= Society for Musicology in Ireland =

The Society for Musicology in Ireland (SMI) is an Irish learned society in the field of musicology. Founded in 2003, it reflects the growing research activity and the increasing academic tuition available at Irish universities in the fields of music and musicology that has been visible since the early 1990s. Since 2011, the SMI benefits from charitable tax exemption by the Revenue Commissioners.

==Overview==
The SMI was founded in acknowledgement of the immense increase in musical scholarship on the island of Ireland since the early 1990s. While a number of the founding members had previously been members of the Royal Musical Association (RMA) (United Kingdom), the dynamic growth of the field in Ireland (including Northern Ireland) has led to the inauguration of an independent society with friendly links to the RMA.

The SMI's constitution describes the main object of the society as "the advancement of education, specifically in the field of musicology, and to promote and foster musical scholarship in all its forms throughout Ireland, north and south by organizing annual conferences, generating publications, and maintaining a website which contains relevant expert resources which are freely and publicly available".

The society organises an annual plenary conference, usually around June, an annual postgraduate plenary conference in January that is held in conjunction with the Irish national committee of the International Council for Traditions of Music and Dance as well as a number of associated events per year on varying topics on the initiative of music departments around the country.

Members and other scholars publish their research in the peer-reviewed Journal of the Society for Musicology in Ireland (JSMI) and the book series Irish Musical Studies.

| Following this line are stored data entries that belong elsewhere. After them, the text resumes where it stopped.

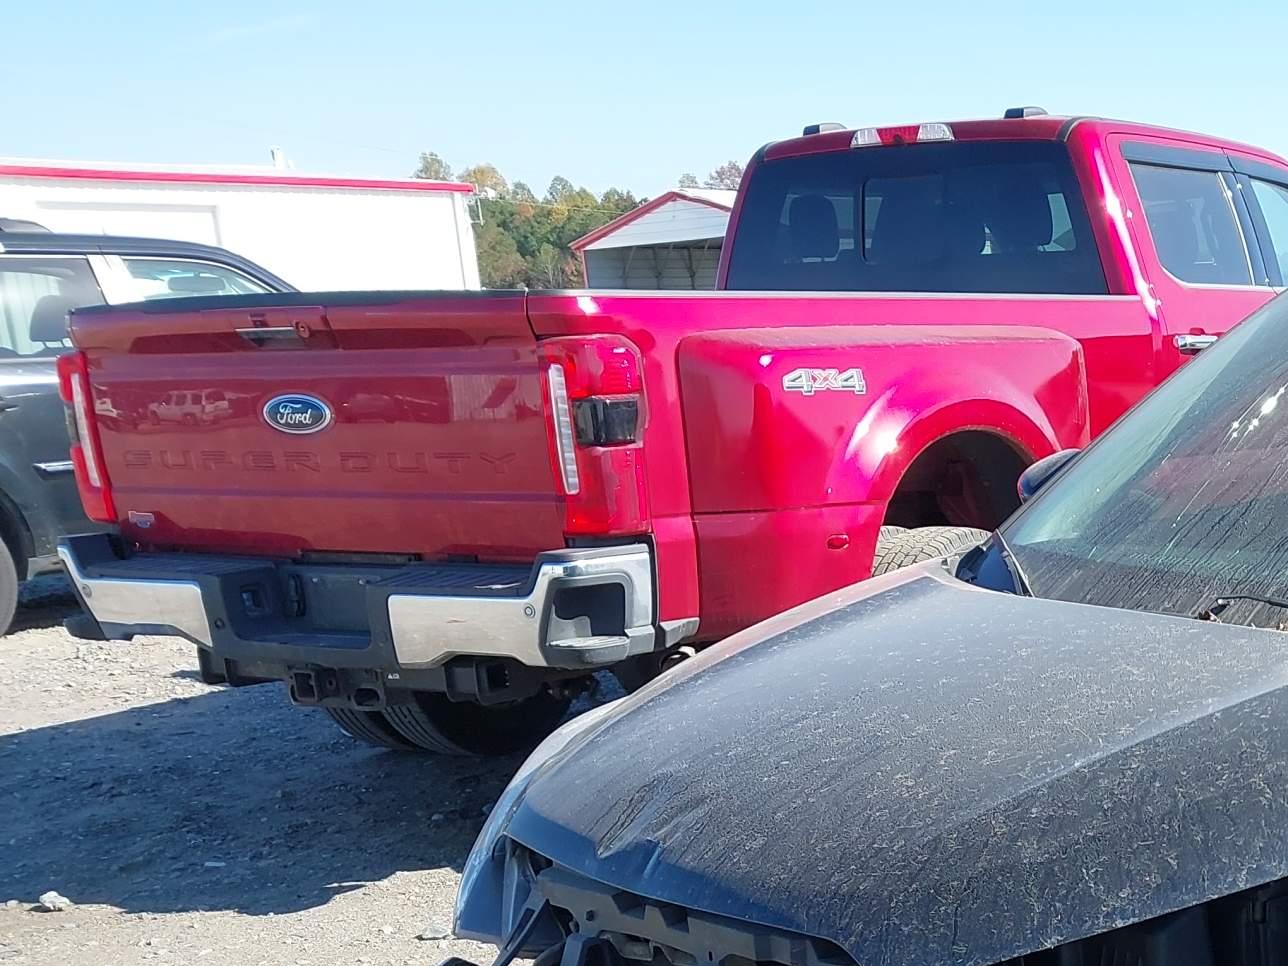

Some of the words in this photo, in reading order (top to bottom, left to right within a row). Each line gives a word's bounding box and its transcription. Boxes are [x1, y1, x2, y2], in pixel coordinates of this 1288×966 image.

[277, 402, 313, 424] Ford
[123, 449, 321, 473] SUPER
[340, 451, 518, 475] DUTY
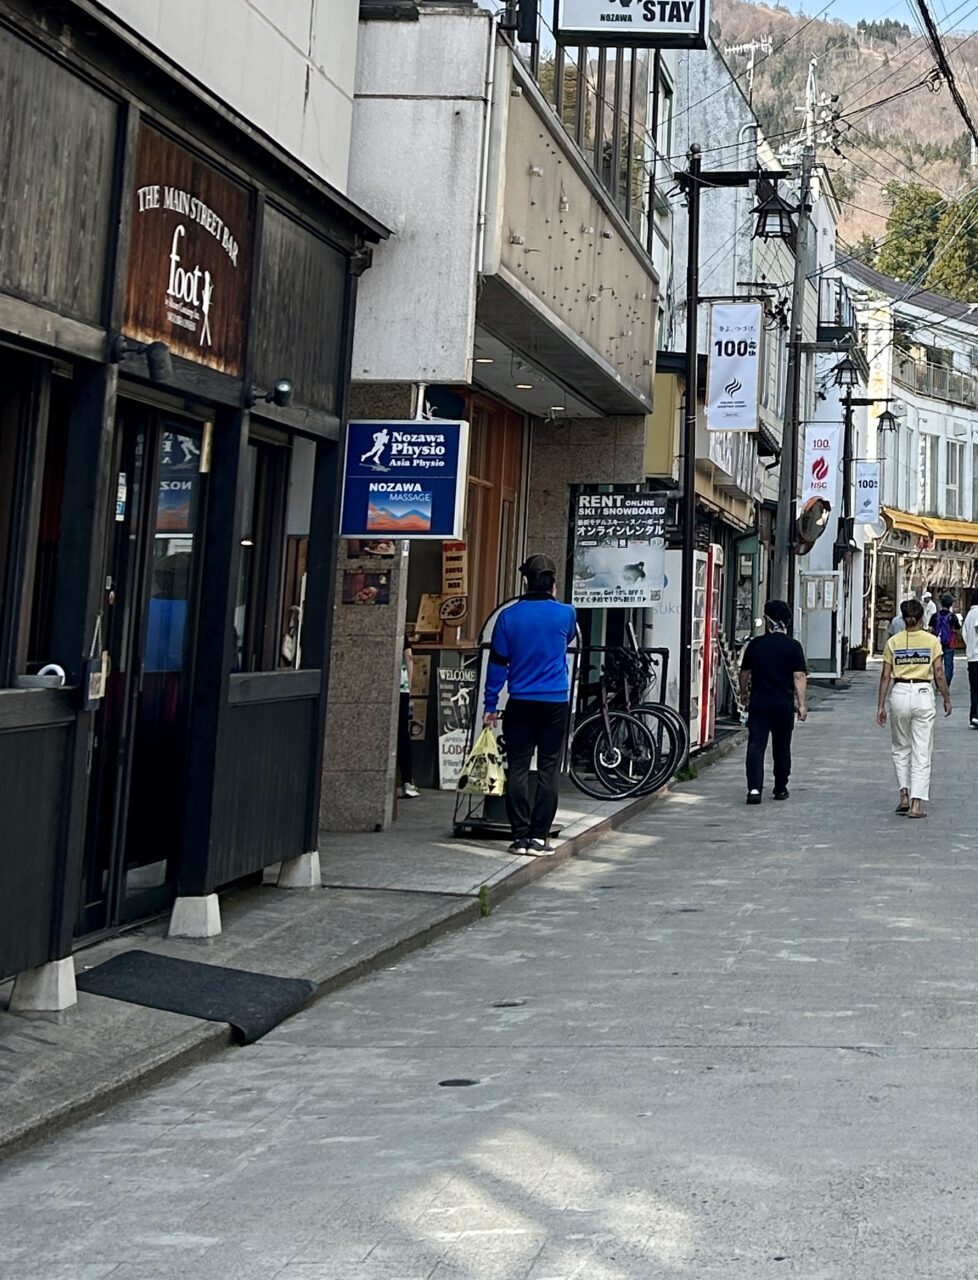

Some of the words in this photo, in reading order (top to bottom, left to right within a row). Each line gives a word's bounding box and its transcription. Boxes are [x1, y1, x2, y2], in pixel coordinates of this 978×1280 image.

[642, 0, 695, 23] STAY
[600, 13, 633, 23] NOZAWA
[137, 185, 161, 212] THE
[163, 186, 191, 216] MAIN
[189, 197, 224, 241] STREET
[221, 225, 239, 267] BAR
[166, 224, 203, 307] foot
[391, 431, 445, 443] Nozawa
[390, 443, 446, 458] Physio
[388, 459, 411, 467] Asia
[412, 459, 445, 469] Physio
[369, 482, 423, 492] NOZAWA
[810, 481, 828, 489] NSC
[388, 493, 431, 502] MASSAGE
[578, 495, 625, 508] RENT
[625, 499, 655, 507] ONLINE
[578, 507, 596, 516] SKI
[602, 507, 666, 516] SNOWBOARD
[576, 525, 665, 537] オンラインレンタル
[440, 669, 477, 682] WELCOME

The society has a strong working relationship with the Research Foundation for Music in Ireland (RFMI), maintained by the TU Dublin Conservatory of Music and Drama and which, since 2012, houses the SMI Library. Furthermore, the SMI represents the Irish committee for RILM (through the RFMI), RISM and IAML.

===Presidents===
- Harry White (University College Dublin), 2003–2006
- Jan Smaczny (Queen's University Belfast), 2006–2012
- Kerry Houston (TU Dublin Conservatory of Music and Drama), 2012–2015
- Lorraine Byrne Bodley (Maynooth University), 2015–2021
- John O'Flynn (Dublin City University), 2021–2024
- Wolfgang Marx (University College Dublin), 2024-

==Research Ireland Harrison Medal==
Since 2004, the SMI awards the Research Ireland Harrison Medal to honour international musicologists with outstanding achievements and excellence in research in musicology. It is named in honour of the Irish musicologist Frank Llewellyn Harrison (1905–1987). Recipients include Christoph Wolff (2004), Margaret Bent (2007), Kofi Agawu (2009), Christopher Hogwood (2011), Barra Boydell and Harry White (2013), Susan Youens (2016), Jim Samson (2018), Michael Beckerman (2021), and Ita Beausang (2022).

==Publications and outreach==
- The Journal of the Society for Musicology in Ireland (JSMI) is a peer-reviewed, open-access online journal published since 2005. Its full-text articles and other content are free to access worldwide.
- Irish Musical Studies, published in association with the SMI, is a book series reflecting musical scholarship undertaken in Ireland, covering both Irish and international subject areas. It was inaugurated in 1990 and has been under the general editorship of Gerard Gillen and Harry White until 2020. It was initially published by Irish Academic Press (volumes 1–4) and Four Courts Press (volumes 5–12). From 2022 (volume 13ff.), the series is being edited by Lorraine Byrne Bodley and Harry White and published by Boydell & Brewer.
- The Encyclopaedia of Music in Ireland (EMIR), edited by Harry White and Barra Boydell and published in 2013 with University College Dublin Press, represents the single largest research project on music in Ireland.

Outreach activities of the SMI include a dedicated YouTube channel, a public Facebook page, and a Twitter account.

==Research resources==
- SMI Music Thesis Register – a searchable database of completed and in-progress postgraduate theses in the fields of musicology, ethnomusicology, music education, music technology, music therapy, performance, analysis, composition etc.
- SMI Library

==Honorary and Corresponding Members==
Honorary Members of the SMI include: Ita Beausang, Hilary Bracefield, Barra Boydell, Patrick Devine, Paul Everett, Gerard Gillen, Kerry Houston, Sarah McCleave, John O'Conor, David Rhodes, Jan Smaczny, and Harry White.

Corresponding Members, defined as "honorary members who live abroad and who have made particularly notable contributions to furthering musicology in Ireland" include John Butt, Julian Horton, Barbara Kelly, Axel Klein, Harald Krebs, Sharon Krebs, John Rink, R. Larry Todd, Katharina Uhde, and Susan Youens.